Minister for Infrastructure and Transport
- Incumbent
- Assumed office 25 March 2026
- Premier: Peter Malinauskas
- Preceded by: Emily Bourke

Minister for Industry, Innovation and Science
- In office 19 September 2025 – 25 March 2026
- Premier: Peter Malinauskas
- Preceded by: Susan Close
- Succeeded by: Position abolished

Minister for Local Government Minister for Veterans Affairs
- In office 15 April 2024 – 25 March 2026
- Premier: Peter Malinauskas
- Preceded by: Geoff Brock
- Succeeded by: Chris Picton (as Minister for Veterans' Affairs) Rhiannon Pearce (as Minister for Local Government)

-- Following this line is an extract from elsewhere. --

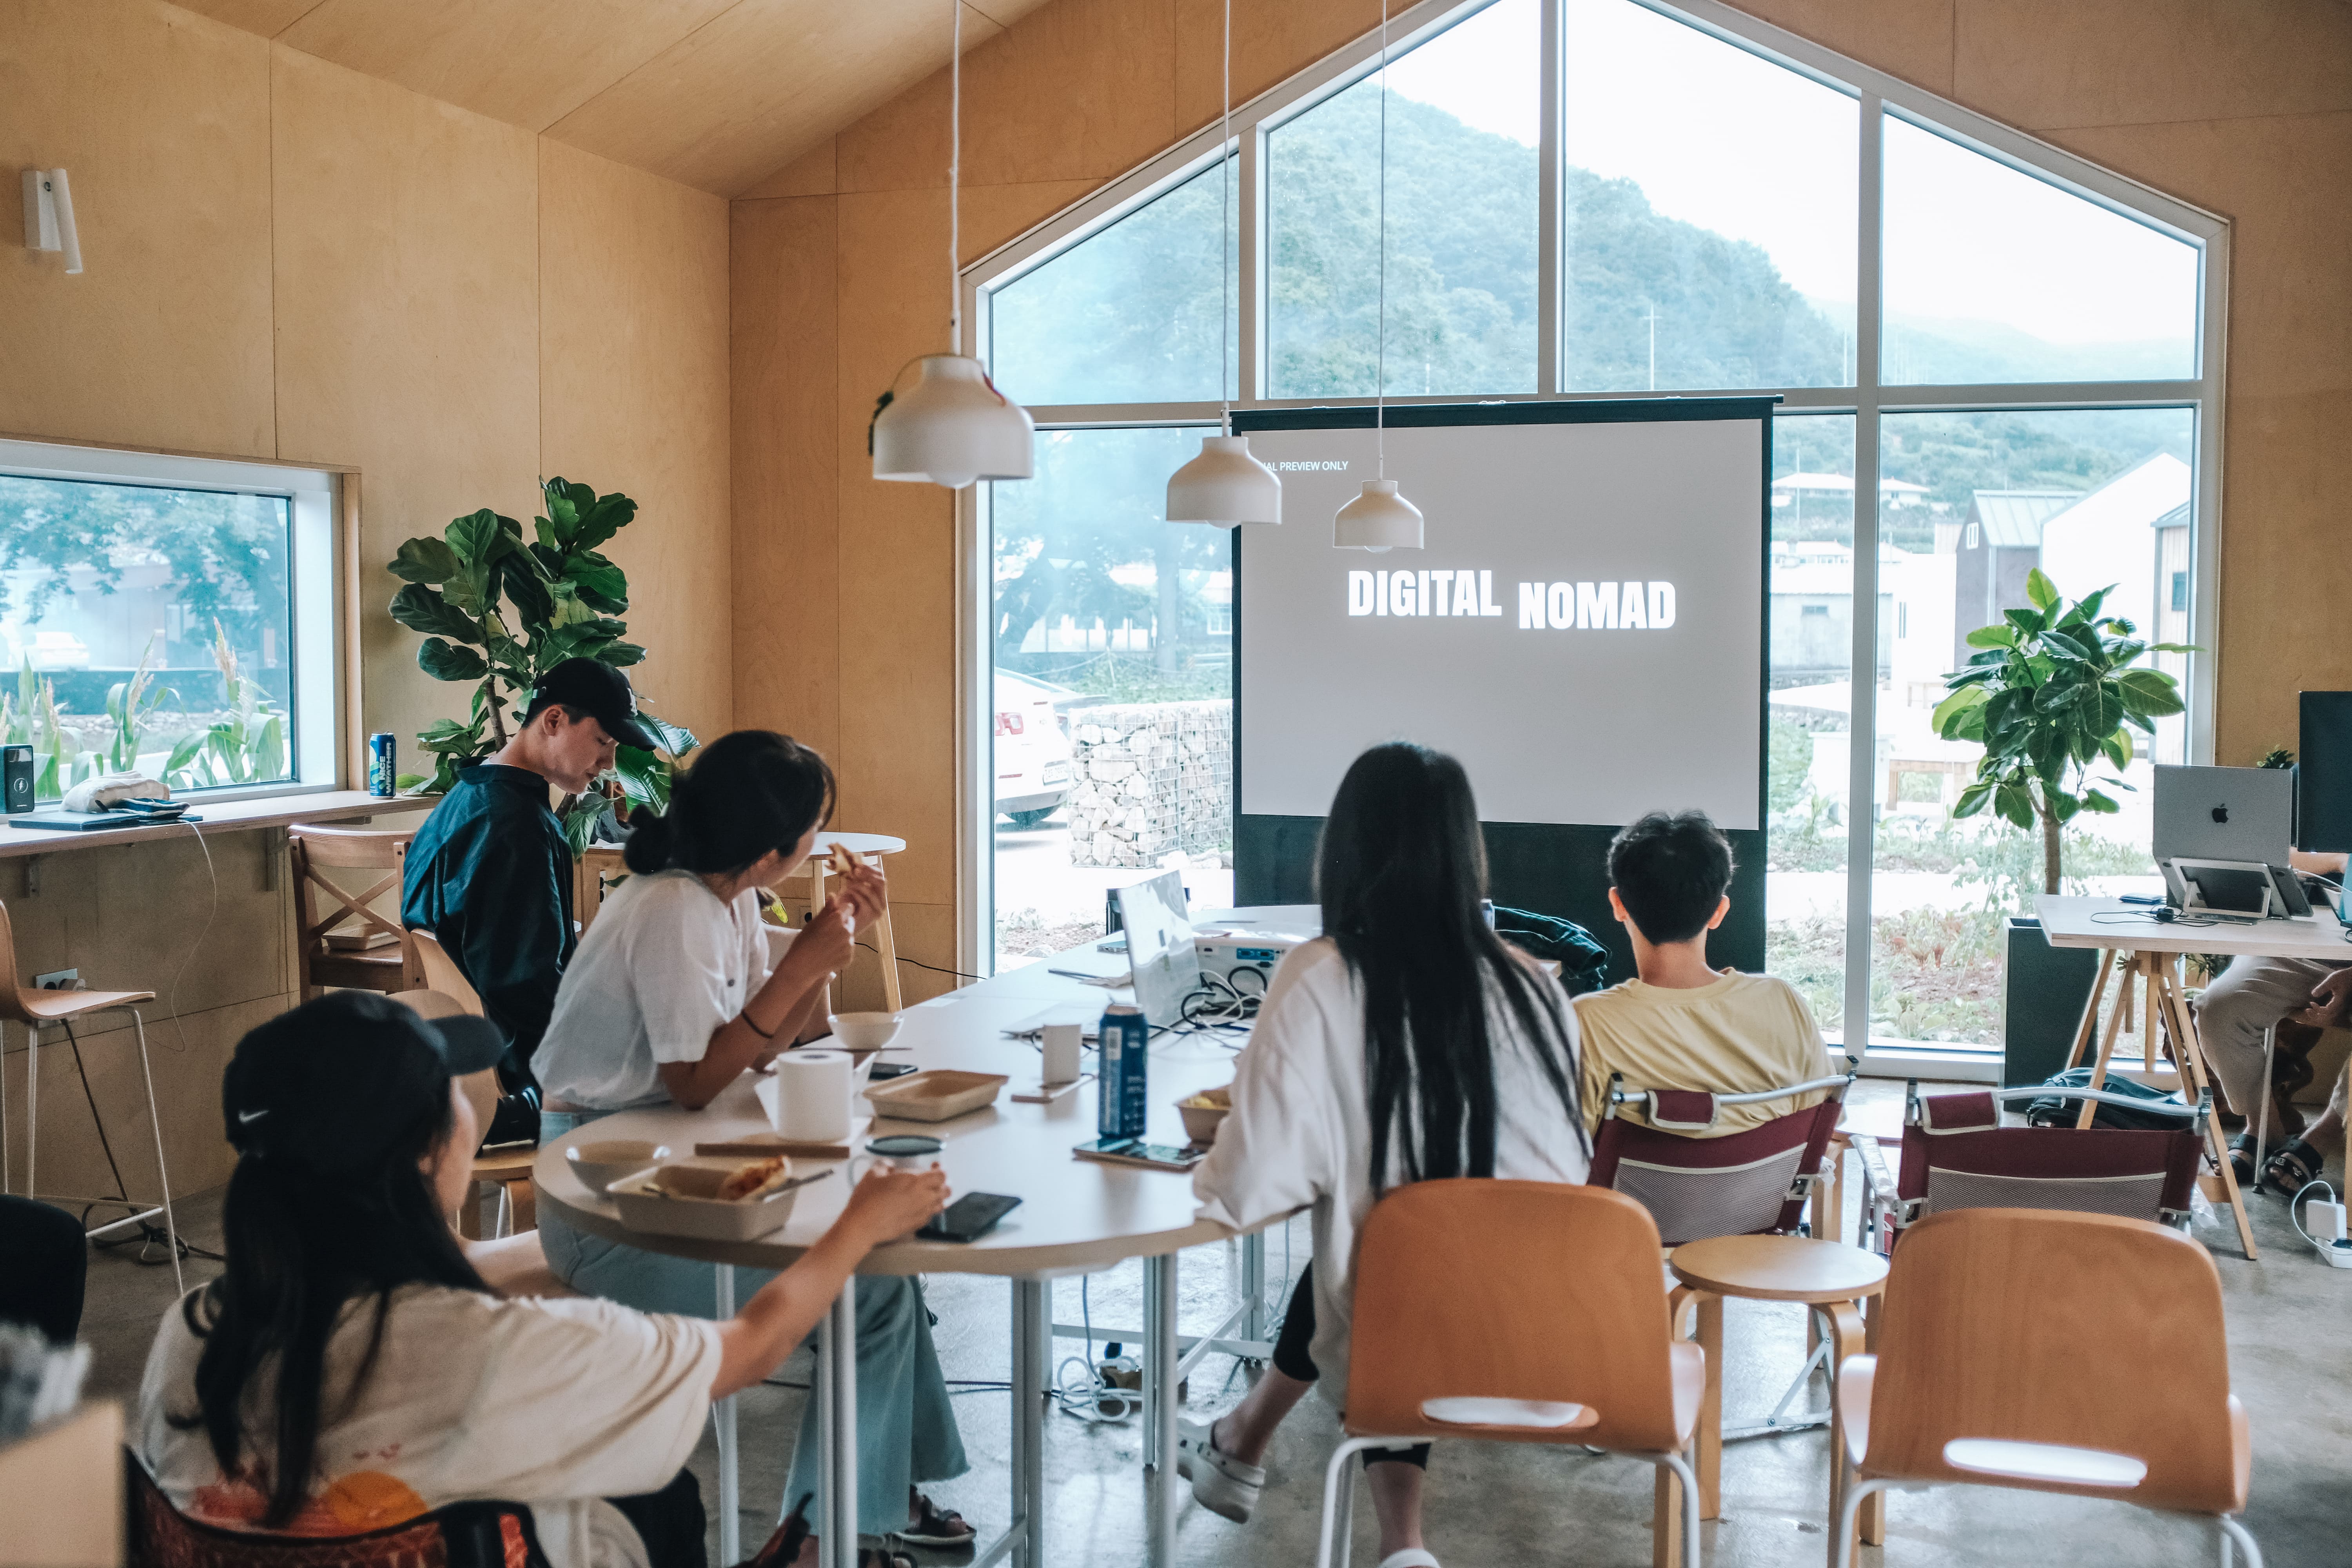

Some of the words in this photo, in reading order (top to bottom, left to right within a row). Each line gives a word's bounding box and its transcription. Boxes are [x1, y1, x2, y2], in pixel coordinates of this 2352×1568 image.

Minister for Trade and Investment
- In office 15 April 2024 – 25 March 2026
- Premier: Peter Malinauskas
- Preceded by: Nick Champion
- Succeeded by: Position abolished

Minister for Police, Emergency Services and Correctional Services
- In office 24 March 2022 – 15 April 2024
- Premier: Peter Malinauskas
- Preceded by: Vincent Tarzia
- Succeeded by: Dan Cregan

Member of the South Australian House of Assembly for Cheltenham
- Incumbent
- Assumed office 9 February 2019
- Preceded by: Jay Weatherill

Personal details
- Born: Joseph Karl Szakacs Woodville South, South Australia
- Party: Labor
- Education: St Michael's College
- Alma mater: Flinders University
- Occupation: Trade union secretary
- Profession: Lawyer

= Joe Szakacs =

Australian politician and trade unionist

Joseph Karl Szakacs (/'sɒkɑːtʃ/ "SOCK-arch") is an Australian politician and trade unionist. He is a Labor Party member of the South Australian House of Assembly, representing the electoral district of Cheltenham since the 2019 by-election.

Szakacs has served as the Minister for Infrastructure and Transport in the second Malinauskas ministry since March 2026.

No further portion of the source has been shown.